Stayful is a must-have money saver for travelers

Stayful is a travel app that finds hotels in a number of cities across North America based on exactly what you’re looking for, then gets you the best price possible,” George Tinari reports for TUAW. “Browse photos of the hotels, view a list of amenities and reasons why you might like your stay there, then quickly make a reservation right within the app. Customize your price range, type of hotel or stay, location and time frame all in a few taps to focus in on what you’re looking for. Stayful is free for iPhone and requires iOS 8.0 or later.”

“Good design means looking and functioning beautifully,” Tinari reports. “Fortunately, Stayful achieves both. The app design is among some of the better ones I’ve seen since the launch of iOS 8.”

“What’s more important than some subtle animations is how the app works, and Stayful so nonchalantly throws away all the unnecessary complexities that often come with booking hotels. The app asks you a simple question: “What are your travel plans?” Then you fill in the blanks,” Tinari reports. “From start to finish, finding the perfect hotel with Stayful is an easy, elegant process that makes you want to abandon any other travel service.”

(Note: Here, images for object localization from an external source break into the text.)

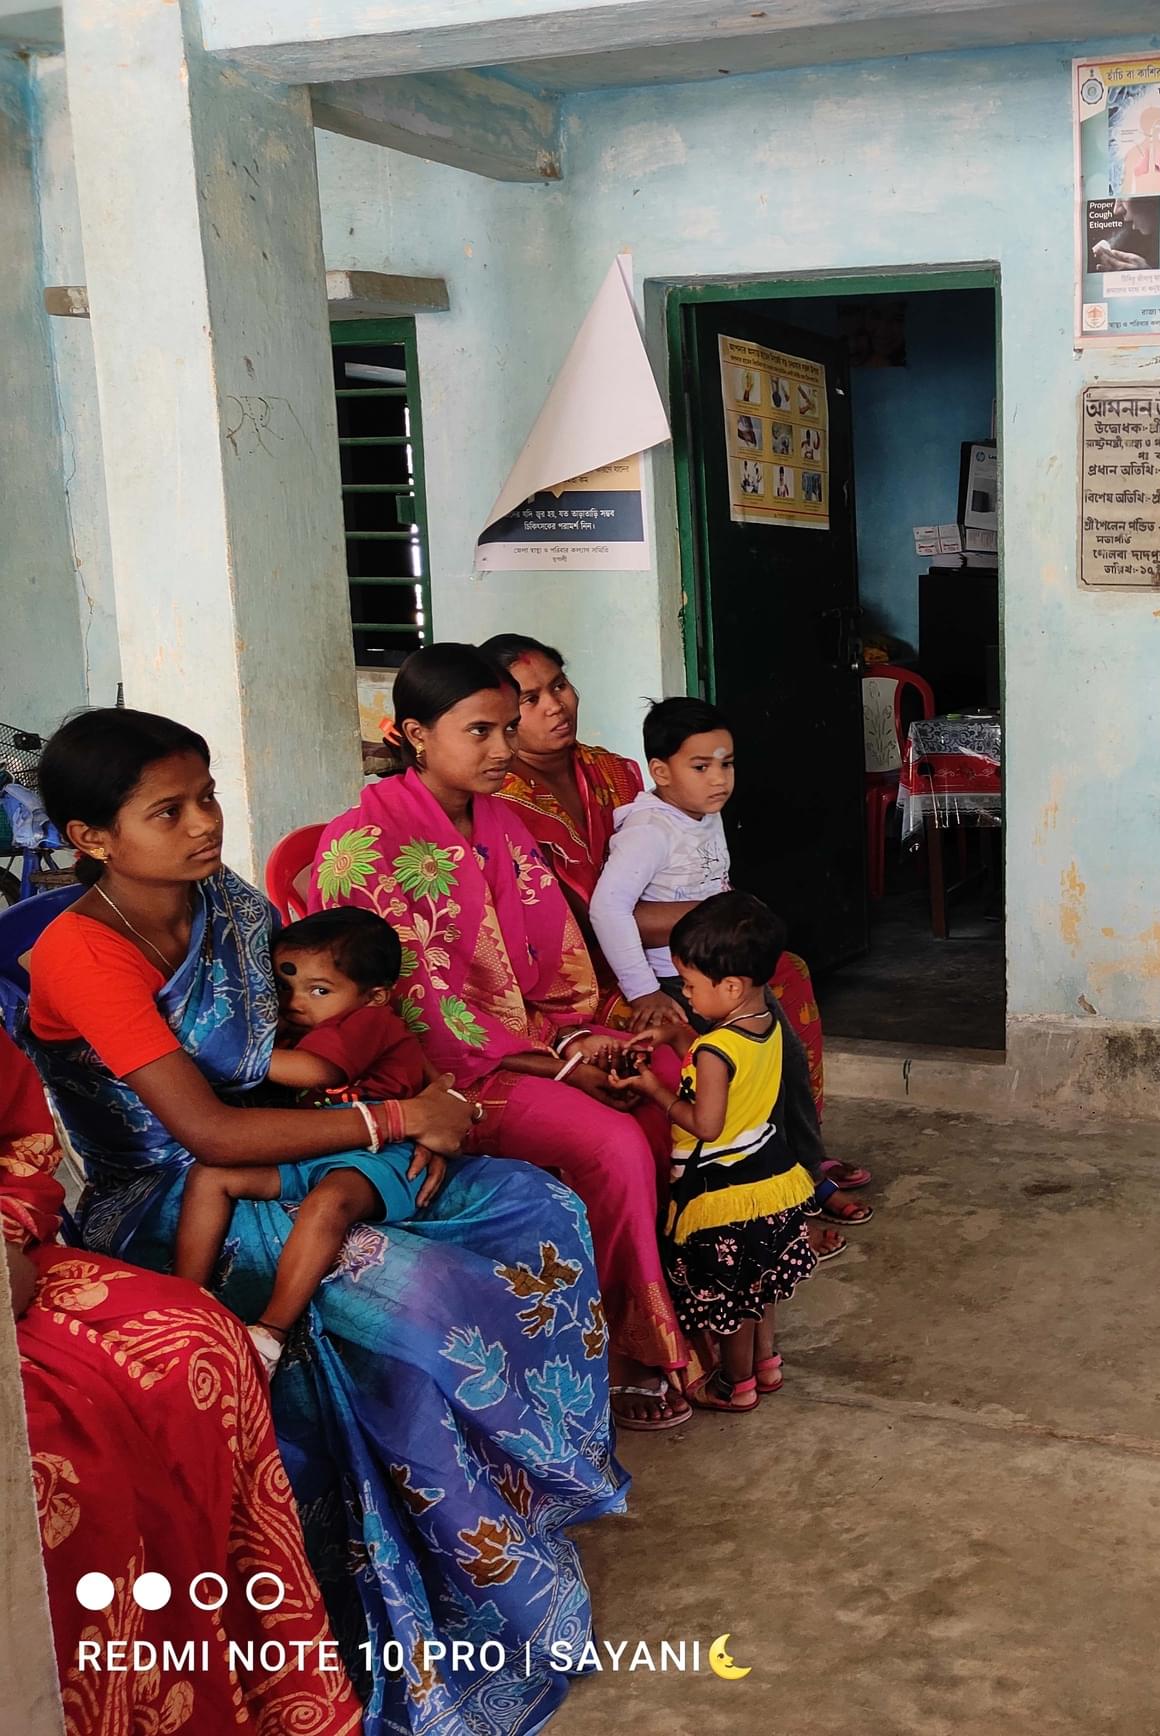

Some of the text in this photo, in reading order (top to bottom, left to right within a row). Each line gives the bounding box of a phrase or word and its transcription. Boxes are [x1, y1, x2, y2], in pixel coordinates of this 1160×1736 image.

[1126, 70, 1135, 79] বা
[1090, 202, 1113, 210] Proper
[1089, 210, 1113, 220] Cough
[1090, 220, 1123, 230] Etiquette
[1088, 464, 1117, 476] প্রধান
[1085, 489, 1114, 504] বিশেষ

Read more in the full article here.


  1. I checked out the website, but I would imagine the app is similar.

    The cities are limited, and it appears to be offering only “boutique” hotels.

    It is kind of like Priceline, except the tell you the lowest online price and a suggested bid.

    1. Airbnb, as a concept, was quite useful; it allows people to rent a room in their apartment, or the whole apartment, to someone else while they are away. The problem with this is, the regulatory requirements to run a hotel business are quite significant, and there are specific taxes that are charged for hotel rooms. None of this is complied with when you rent your apartment to someone over Airbnb. Not to mention any liability for incidents when someone is in your apartment (hotels have the appropriate coverage for that).

      I can’t see Airbnb surviving for much longer under current, totally unregulated conditions. If it does, then it would make no sense for hotels to have to pay all sorts of taxes, government and regulatory fees, when independent hospitality business that use Airbnb don’t.

      1. You may be right. I see Airbnb sliding sideways, from individuals getting a little extra cash by connecting with individual travelers wanting a unique or inexpensive place to stay into a space dominated by people setting up businesses for the express purpose of exploiting the Airbnb model. Renting specific apartments for no other purpose than to re-rent them through Airbnb. No longer the “sharing economy”, just another business model that happens to skirt the laws for that type of business.

        A similar thing appears to have happened with RelayRides, IMHO, moving from making your vehicle available to rent for a few hours while you were at work or otherwise not needing the car, to used car dealers setting aside some of their inventory for the specific purpose of generating rental revenue under the auspices of RelayRides, but specializing in daily or longer rentals. The few hour rental concept has been dropped from RelayRides approach. What individual has cars they can rent out for days or weeks at a time? Not exactly the sharing economy, more like a rental car agency with distributed inventory ownership.

        In order for the “sharing economy” to work, both sides of a transaction need to be bringing individual contributions to the table. Once you have a little fleet of cars under one owner answering all of the Uber calla in an area, you have a taxi company. Sorry, Internet, sorry internet, where nobody knows when there is a dog on the other side of the screen.